Marie-Agnès Gillot et Andrés Marín ont créé Magma sous le regard de Christian Rizzo (scénographie et direction artistique). Le titre, qui reprend les initiales de la danseuse étoile (M.-A. G.) et celles du danseur flamenco (M. A.), montre bien le contenu du spectacle qui est construit autour de l’identité artistique des deux protagonistes. Sur la scène du Théâtre National de Chaillot, ils sont accompagnés de Didier Ambact à la batterie et Bruno Chevillon à la contrebasse. Le lien à la musique est central dans le spectacle et accompagne avec dynamisme le solo de claquettes d’Andrés Marín ou encore les déplacements circulaires des deux danseurs.
La similitude des deux artistes est marquante : grands, fins et musclés, ils dégagent tous deux un charisme et une force extraordinaires. Leur ressemblance est accentuée par leurs visages dégagés par des cheveux noués à l’arrière de la tête et leurs costumes noirs laissant voir leurs bras nus. Leurs duos restent cependant sobres, avec peu de contact et d’exploration de cette ressemblance, ce qui est dommage. Là où on attendait un corps-à-corps et une rencontre explosive de deux univers, chacun semble rester dans son vocabulaire chorégraphique. Ainsi, Marie-Agnès Gillot mêle mouvements académiques (dégagés, ports de bras, retirés) et mouvements plus contemporains au sol ou en bougeant le dos ; et Andrés Marín évolue de son côté dans une gestuelle flamenco rythmée et dynamique.
Ces deux styles sont beaux à voir mais la cohabitation sur scène ne prend pas et témoigne simplement de l’hétérogénéité de ces danses, très techniques et remarquables par ailleurs. Si les deux danseurs exécutent parfois les mêmes pas côte à côte, ils ne parviennent pas à trouver une alchimie et à épouser un réel vocabulaire commun. Certaines idées sont tout de même intéressantes, notamment dans le travail de bras qui explore une grande amplitude de mouvement : des bras du cygne aux torsades des poignets, les deux artistes créent des figures alambiquées ou étirées.

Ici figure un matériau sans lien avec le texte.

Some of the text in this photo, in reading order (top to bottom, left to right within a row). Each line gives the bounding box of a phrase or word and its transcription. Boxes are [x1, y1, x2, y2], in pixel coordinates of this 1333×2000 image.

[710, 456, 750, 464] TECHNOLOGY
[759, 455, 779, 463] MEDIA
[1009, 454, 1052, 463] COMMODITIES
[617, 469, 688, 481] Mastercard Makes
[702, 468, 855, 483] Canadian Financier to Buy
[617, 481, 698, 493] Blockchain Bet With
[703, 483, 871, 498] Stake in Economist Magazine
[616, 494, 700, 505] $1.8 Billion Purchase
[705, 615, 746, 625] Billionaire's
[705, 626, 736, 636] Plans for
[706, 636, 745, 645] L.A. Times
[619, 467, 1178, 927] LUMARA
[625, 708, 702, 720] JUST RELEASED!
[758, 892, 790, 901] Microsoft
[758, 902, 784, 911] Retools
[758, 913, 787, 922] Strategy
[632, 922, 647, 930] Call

La scénographie plutôt sombre place en fond de scène de grands panneaux gris foncés, derrière lesquels circulent parfois les deux danseurs qui disparaissent et réapparaissent. Ils tournent également autour des panneaux, tels les aiguilles d’une horloge. Ces mouvements semblent inviter à réfléchir sur le temps qui s'écoule. L'allusion est plus explicite dans le dernier instant du spectacle où Marie-Agnès Gillot, après un dernier solo, pousse un long bâillement jusqu’à disparaître derrière le panneau, figurant fatigue ou ennui du temps qui passe.

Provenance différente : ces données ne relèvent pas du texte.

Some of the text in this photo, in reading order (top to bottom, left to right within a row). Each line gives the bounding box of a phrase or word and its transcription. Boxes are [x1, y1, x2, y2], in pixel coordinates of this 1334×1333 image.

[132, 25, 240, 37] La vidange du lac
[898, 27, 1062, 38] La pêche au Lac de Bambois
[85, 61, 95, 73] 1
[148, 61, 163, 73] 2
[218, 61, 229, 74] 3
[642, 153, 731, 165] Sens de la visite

Les musiciens, surélevés par une estrade côté cour, jouent en contact visuel constant avec les danseurs. La musique est amplifiée jusqu’à devenir parfois presque assourdissante ; serait-ce pour évoquer la notion de fusion magmatique ? L’intensité sonore décontenance, paraissant parfois en décalage avec la sobriété et la simplicité du mouvement qui se déroule en même temps.
Dans l’ensemble, Magma est donc un spectacle peu convaincant bien qu’on ait plaisir à revoir sur scène ces deux danseurs, icônes classique et flamenco. Peut-être est-il justement plus difficile de construire un vocabulaire commun lorsque les deux chorégraphes sont justement de très grands artistes, aux styles et aux histoires déjà si complètes...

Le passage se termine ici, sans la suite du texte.